— TASK ITEM —
Restate the listing below word for word; no picture is to be carried over.

_ _ _ _

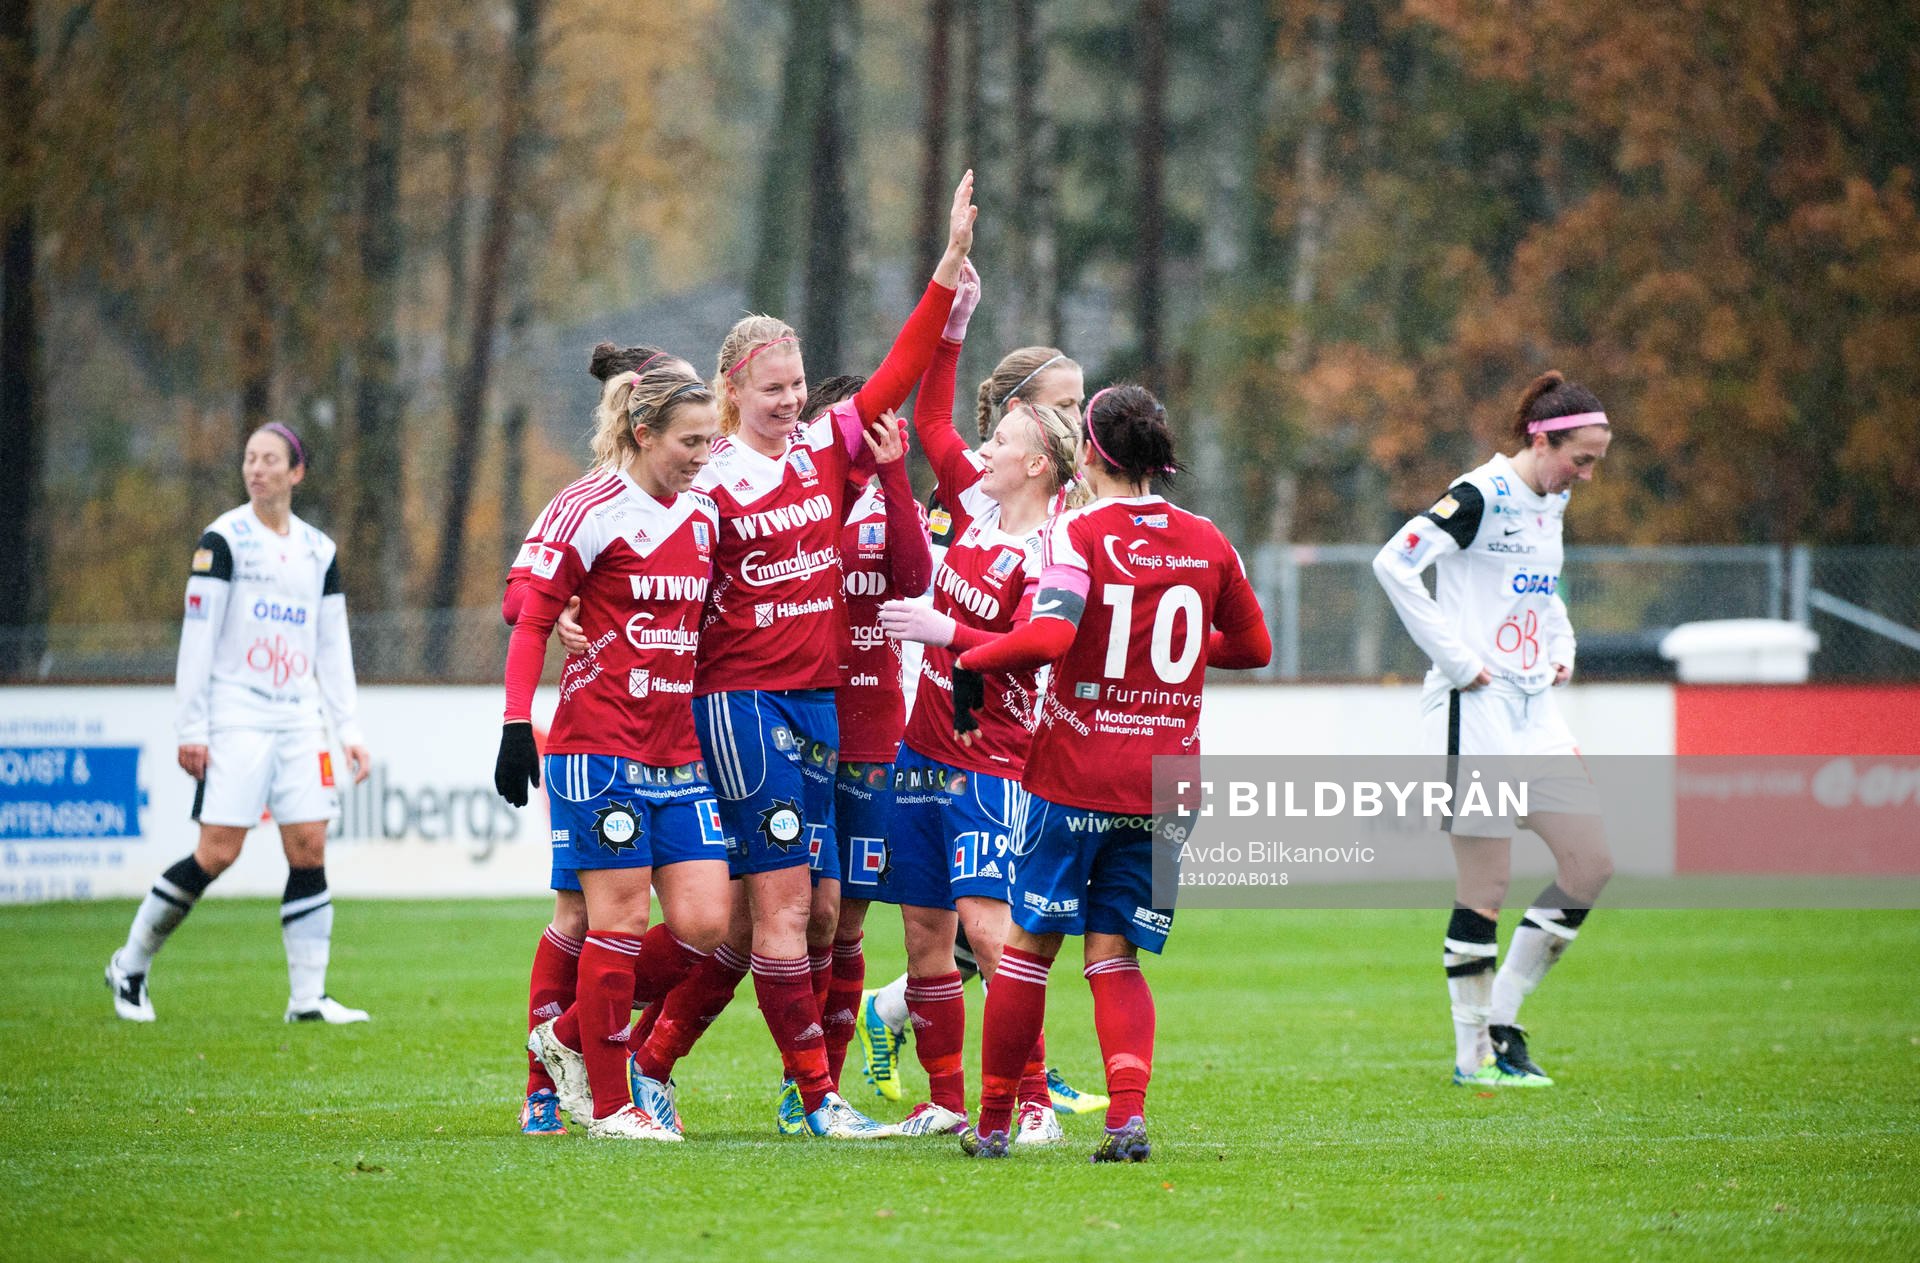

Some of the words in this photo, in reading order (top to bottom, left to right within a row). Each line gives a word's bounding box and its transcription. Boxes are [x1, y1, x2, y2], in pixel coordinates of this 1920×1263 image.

[731, 493, 833, 541] WIWOOD
[1128, 552, 1162, 569] Vittsjö
[1165, 555, 1208, 570] Sjukhem
[1103, 583, 1203, 684] 10
[1095, 708, 1186, 729] Motorcentrum
[1100, 724, 1137, 736] Markaryd
[1140, 727, 1154, 736] AB
[605, 818, 632, 832] SFA
[772, 816, 798, 832] SFA
[980, 832, 1009, 858] 19

_ _ _ _

— ANSWER TO THIS PROBLEM —
Some of the words in this photo, in reading order (top to bottom, left to right within a row). Each line gives a word's bounding box and its transcription. Boxes are [x1, y1, x2, y2], in pixel coordinates of this 1920×1263 image.

[731, 493, 833, 541] WIWOOD
[1128, 552, 1162, 569] Vittsjö
[1165, 555, 1208, 570] Sjukhem
[1103, 583, 1203, 684] 10
[1095, 708, 1186, 729] Motorcentrum
[1100, 724, 1137, 736] Markaryd
[1140, 727, 1154, 736] AB
[605, 818, 632, 832] SFA
[772, 816, 798, 832] SFA
[980, 832, 1009, 858] 19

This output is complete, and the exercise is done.